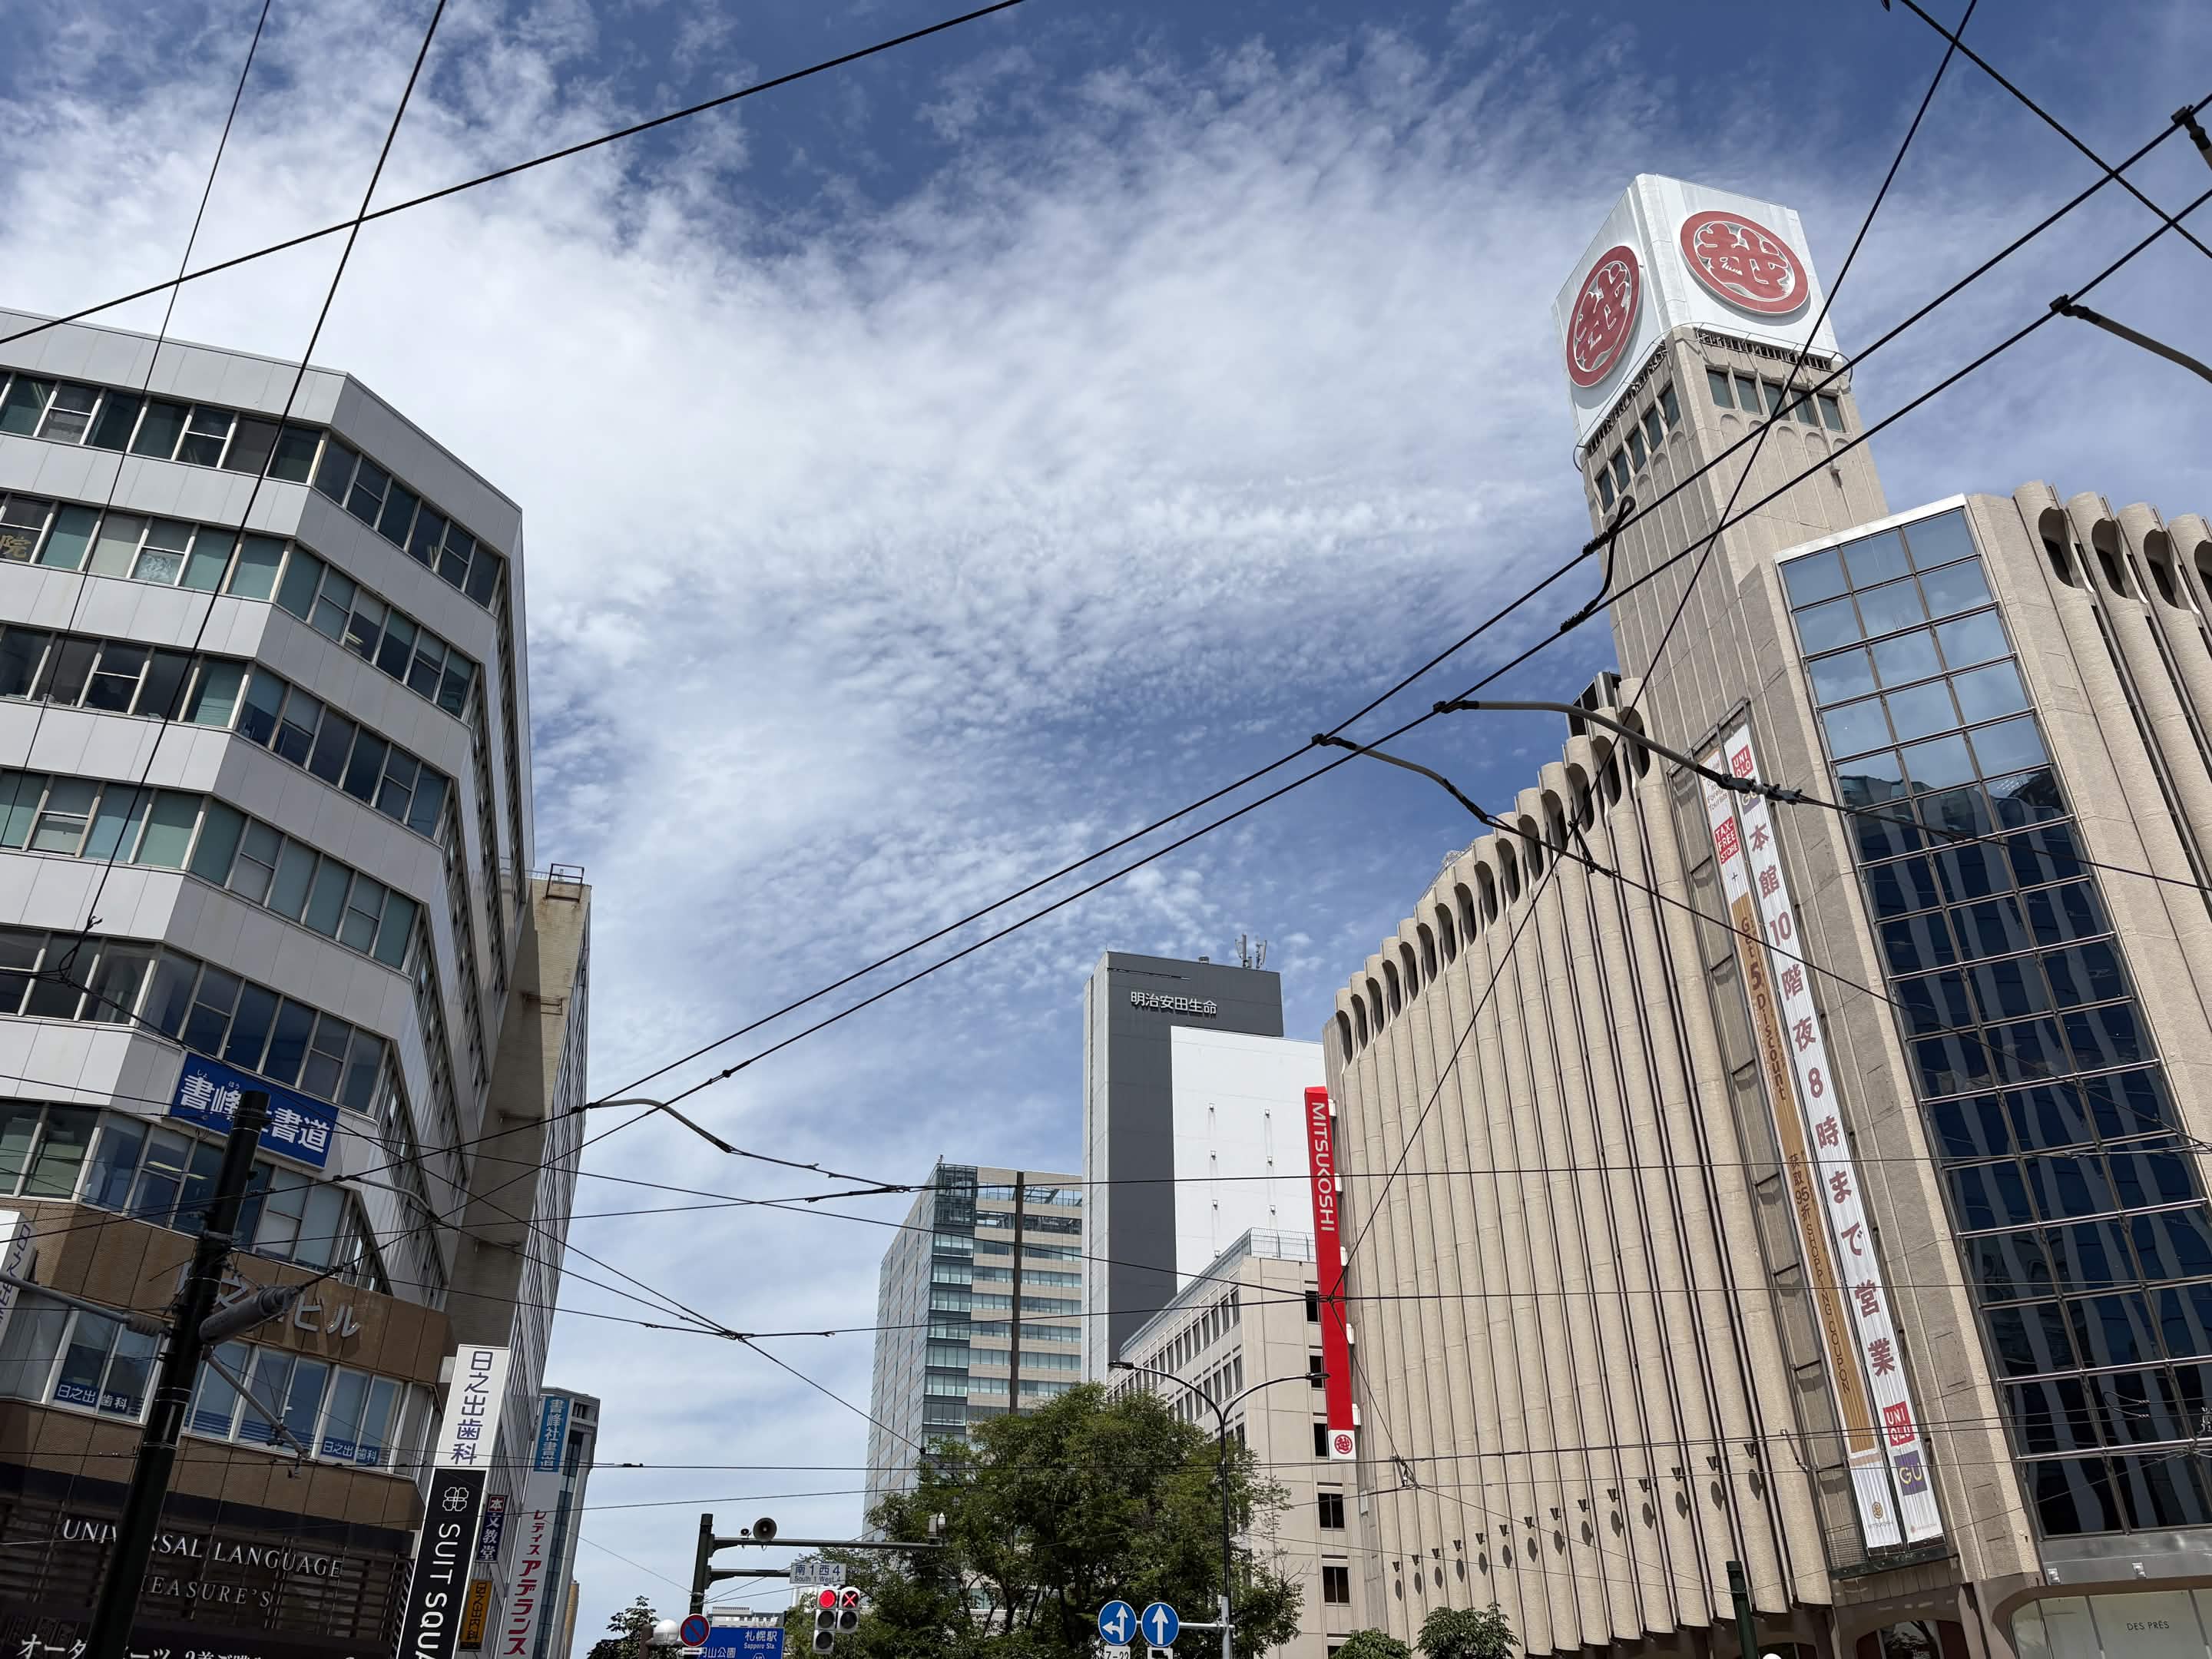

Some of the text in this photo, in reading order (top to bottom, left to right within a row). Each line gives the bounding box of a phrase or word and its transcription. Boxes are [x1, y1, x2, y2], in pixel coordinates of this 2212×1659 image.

[1718, 830, 1735, 851] FREE
[1721, 843, 1738, 862] STORE
[1131, 992, 1217, 1015] 明治安田生命
[1757, 993, 1786, 1100] Discount
[180, 1075, 330, 1153] 書峰書道
[1312, 1102, 1335, 1231] MITSUKOSHI
[1829, 1321, 1850, 1394] COUPON
[56, 1384, 128, 1410] 日之出歯科
[451, 1350, 494, 1465] 日之出歯科
[323, 1441, 377, 1462] 日之出歯科
[539, 1399, 565, 1471] 書峰社書道
[1899, 1462, 1922, 1485] GU
[63, 1518, 344, 1578] UNISAL LANGUAGE
[430, 1523, 460, 1584] SUIT
[480, 1512, 502, 1561] 文教堂
[503, 1560, 541, 1655] アデランス
[2127, 1622, 2145, 1631] DES
[744, 1630, 777, 1641] 札幌駅
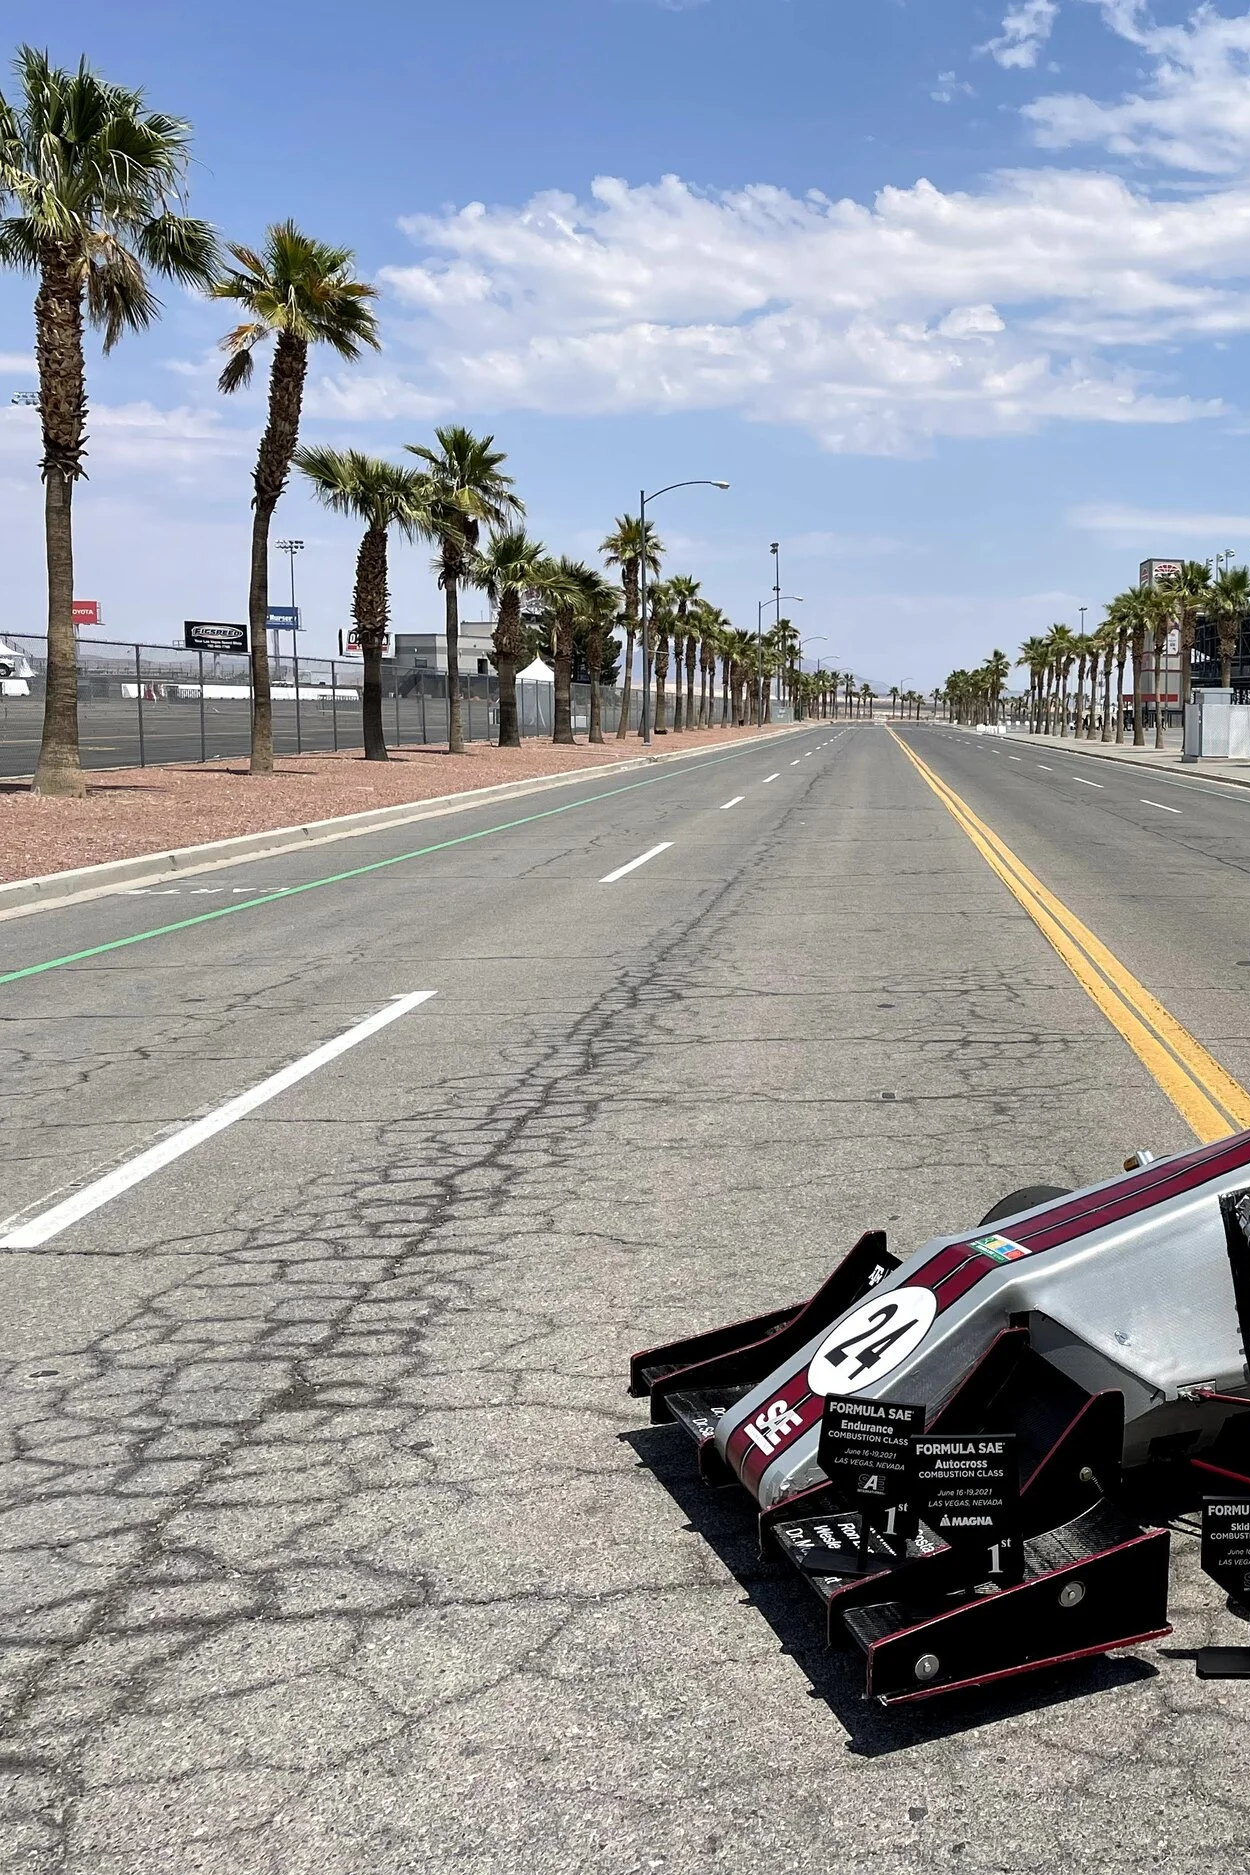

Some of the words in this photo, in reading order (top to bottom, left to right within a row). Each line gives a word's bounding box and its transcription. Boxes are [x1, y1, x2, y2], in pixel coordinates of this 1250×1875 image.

[825, 1303, 919, 1381] 24
[829, 1402, 886, 1419] FORMULA
[888, 1408, 913, 1421] SAE
[841, 1419, 894, 1435] Endurance
[828, 1430, 882, 1443] COMBUSTION
[883, 1436, 909, 1446] CLASS
[916, 1443, 976, 1455] FORMULA
[978, 1442, 1004, 1453] SAE
[875, 1461, 905, 1471] NEVADA
[935, 1459, 988, 1470] Autocross
[976, 1469, 1004, 1477] CLASS
[882, 1502, 909, 1536] 1st
[951, 1516, 993, 1526] MAGNA
[1230, 1522, 1250, 1531] Skid
[813, 1524, 841, 1550] Wesle
[987, 1537, 1012, 1574] 1st
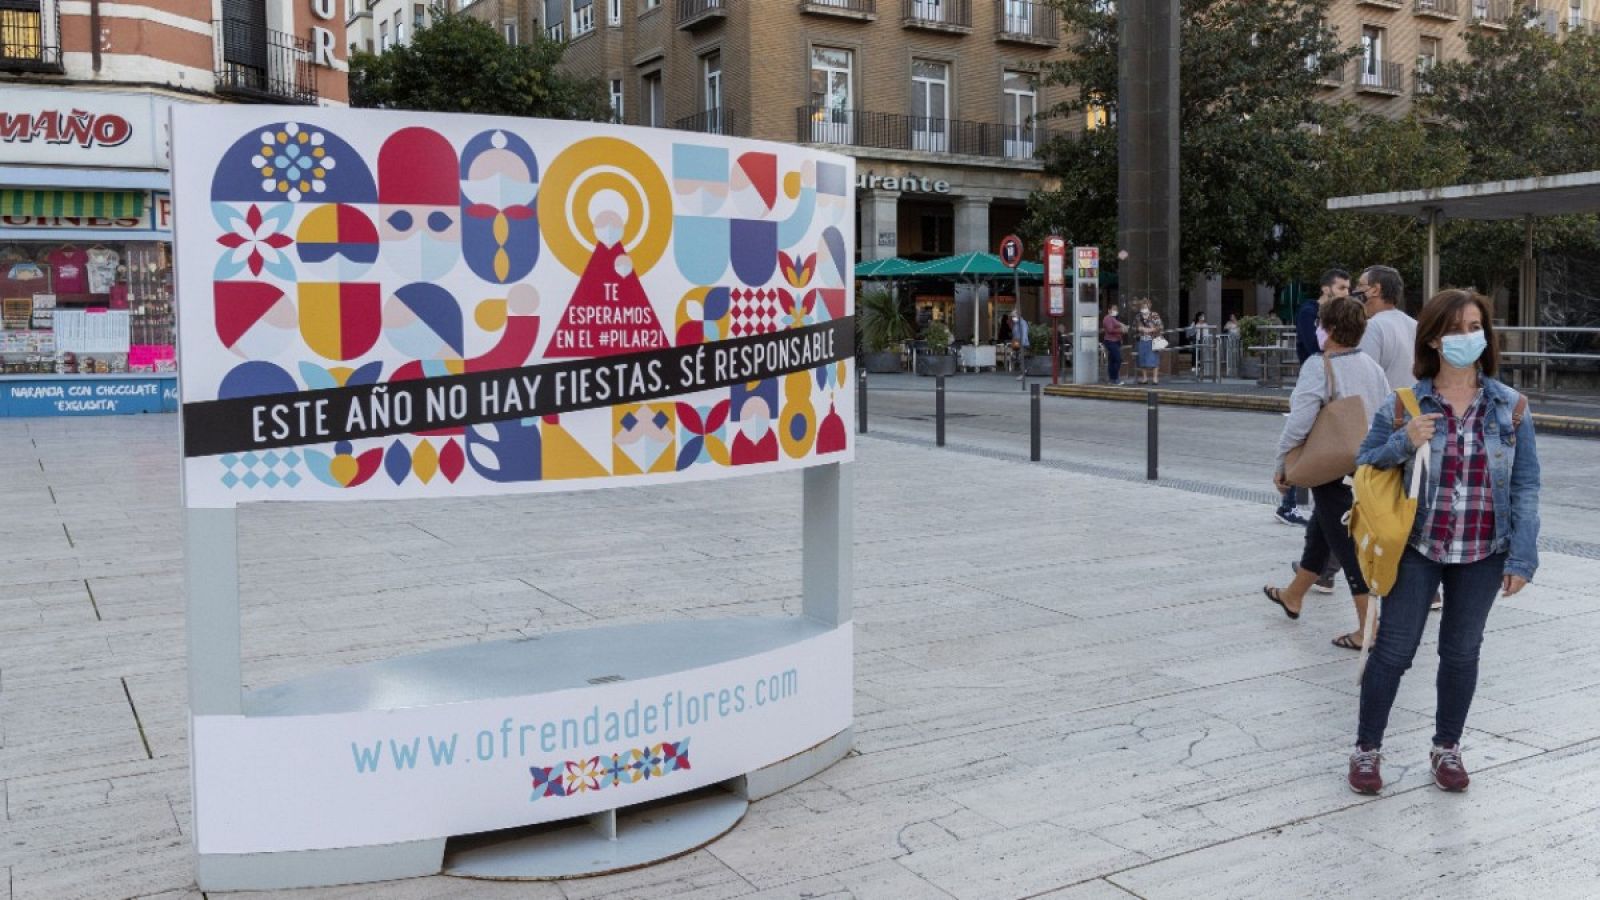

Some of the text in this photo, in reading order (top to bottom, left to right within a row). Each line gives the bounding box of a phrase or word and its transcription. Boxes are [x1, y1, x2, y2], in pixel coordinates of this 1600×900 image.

[603, 282, 619, 301] TE
[568, 306, 652, 325] ESPERAMOS
[556, 329, 574, 348] EN
[579, 329, 594, 348] EL
[68, 385, 92, 396] CON
[96, 383, 158, 396] CHOCOLATE
[252, 328, 835, 442] ESTE AÑO NO HAY FIESTAS. SÉ RESPONSABLE
[351, 667, 798, 773] www.ofrendadeflores.com

=== What is expected ===
Give every entry again word for word; no images belong in the copy.

=== Reply to the exercise ===
Some of the text in this photo, in reading order (top to bottom, left to right within a row). Each line gives the bounding box of a phrase or word and its transcription. Boxes are [x1, y1, x2, y2], in pixel coordinates of this 2212×1659 image.

[1718, 830, 1735, 851] FREE
[1721, 843, 1738, 862] STORE
[1131, 992, 1217, 1015] 明治安田生命
[1757, 993, 1786, 1100] Discount
[180, 1075, 330, 1153] 書峰書道
[1312, 1102, 1335, 1231] MITSUKOSHI
[1829, 1321, 1850, 1394] COUPON
[56, 1384, 128, 1410] 日之出歯科
[451, 1350, 494, 1465] 日之出歯科
[323, 1441, 377, 1462] 日之出歯科
[539, 1399, 565, 1471] 書峰社書道
[1899, 1462, 1922, 1485] GU
[63, 1518, 344, 1578] UNISAL LANGUAGE
[430, 1523, 460, 1584] SUIT
[480, 1512, 502, 1561] 文教堂
[503, 1560, 541, 1655] アデランス
[2127, 1622, 2145, 1631] DES
[744, 1630, 777, 1641] 札幌駅

Some of the words in this photo, in reading order (top to bottom, left to right within a row). Each line gives a word's bounding box and its transcription. Boxes are [x1, y1, x2, y2], in pixel coordinates of this 1250×1875 image.

[825, 1303, 919, 1381] 24
[829, 1402, 886, 1419] FORMULA
[888, 1408, 913, 1421] SAE
[841, 1419, 894, 1435] Endurance
[828, 1430, 882, 1443] COMBUSTION
[883, 1436, 909, 1446] CLASS
[916, 1443, 976, 1455] FORMULA
[978, 1442, 1004, 1453] SAE
[875, 1461, 905, 1471] NEVADA
[935, 1459, 988, 1470] Autocross
[976, 1469, 1004, 1477] CLASS
[882, 1502, 909, 1536] 1st
[951, 1516, 993, 1526] MAGNA
[1230, 1522, 1250, 1531] Skid
[813, 1524, 841, 1550] Wesle
[987, 1537, 1012, 1574] 1st

Some of the text in this photo, in reading order (top to bottom, left to right within a row). Each line gives the bounding box of a phrase or word and its transcription. Boxes are [x1, y1, x2, y2], in pixel coordinates of this 1600×900 image.

[603, 282, 619, 301] TE
[568, 306, 652, 325] ESPERAMOS
[556, 329, 574, 348] EN
[579, 329, 594, 348] EL
[68, 385, 92, 396] CON
[96, 383, 158, 396] CHOCOLATE
[252, 328, 835, 442] ESTE AÑO NO HAY FIESTAS. SÉ RESPONSABLE
[351, 667, 798, 773] www.ofrendadeflores.com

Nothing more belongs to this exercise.